START THE INPUT

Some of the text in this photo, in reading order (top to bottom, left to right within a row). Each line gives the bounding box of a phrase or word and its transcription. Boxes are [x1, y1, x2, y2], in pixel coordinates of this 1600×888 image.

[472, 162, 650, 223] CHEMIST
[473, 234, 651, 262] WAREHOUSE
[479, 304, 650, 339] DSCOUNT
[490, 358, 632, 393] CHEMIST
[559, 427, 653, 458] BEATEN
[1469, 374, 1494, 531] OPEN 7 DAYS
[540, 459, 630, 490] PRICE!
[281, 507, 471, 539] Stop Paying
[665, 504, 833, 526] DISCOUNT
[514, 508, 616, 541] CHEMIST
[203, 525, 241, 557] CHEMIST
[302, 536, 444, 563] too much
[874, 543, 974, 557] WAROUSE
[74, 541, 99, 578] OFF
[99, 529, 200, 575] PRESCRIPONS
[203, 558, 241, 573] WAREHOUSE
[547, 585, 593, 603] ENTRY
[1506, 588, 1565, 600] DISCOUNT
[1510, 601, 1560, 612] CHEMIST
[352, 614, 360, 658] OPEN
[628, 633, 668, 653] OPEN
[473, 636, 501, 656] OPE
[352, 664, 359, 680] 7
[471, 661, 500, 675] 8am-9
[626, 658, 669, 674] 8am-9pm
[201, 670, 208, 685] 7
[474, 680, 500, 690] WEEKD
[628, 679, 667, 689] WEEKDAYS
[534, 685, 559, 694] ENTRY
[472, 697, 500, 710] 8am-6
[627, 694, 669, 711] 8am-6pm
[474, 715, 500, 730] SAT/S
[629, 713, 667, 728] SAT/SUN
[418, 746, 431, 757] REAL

END THE INPUT

WHAT THIS TASK INVOLVES> Exactly and without omission, set down every entry.

ANSWER TO THIS TASK>
Some of the text in this photo, in reading order (top to bottom, left to right within a row). Each line gives the bounding box of a phrase or word and its transcription. Boxes are [x1, y1, x2, y2], in pixel coordinates of this 1600×888 image.

[472, 162, 650, 223] CHEMIST
[473, 234, 651, 262] WAREHOUSE
[479, 304, 650, 339] DSCOUNT
[490, 358, 632, 393] CHEMIST
[559, 427, 653, 458] BEATEN
[1469, 374, 1494, 531] OPEN 7 DAYS
[540, 459, 630, 490] PRICE!
[281, 507, 471, 539] Stop Paying
[665, 504, 833, 526] DISCOUNT
[514, 508, 616, 541] CHEMIST
[203, 525, 241, 557] CHEMIST
[302, 536, 444, 563] too much
[874, 543, 974, 557] WAROUSE
[74, 541, 99, 578] OFF
[99, 529, 200, 575] PRESCRIPONS
[203, 558, 241, 573] WAREHOUSE
[547, 585, 593, 603] ENTRY
[1506, 588, 1565, 600] DISCOUNT
[1510, 601, 1560, 612] CHEMIST
[352, 614, 360, 658] OPEN
[628, 633, 668, 653] OPEN
[473, 636, 501, 656] OPE
[352, 664, 359, 680] 7
[471, 661, 500, 675] 8am-9
[626, 658, 669, 674] 8am-9pm
[201, 670, 208, 685] 7
[474, 680, 500, 690] WEEKD
[628, 679, 667, 689] WEEKDAYS
[534, 685, 559, 694] ENTRY
[472, 697, 500, 710] 8am-6
[627, 694, 669, 711] 8am-6pm
[474, 715, 500, 730] SAT/S
[629, 713, 667, 728] SAT/SUN
[418, 746, 431, 757] REAL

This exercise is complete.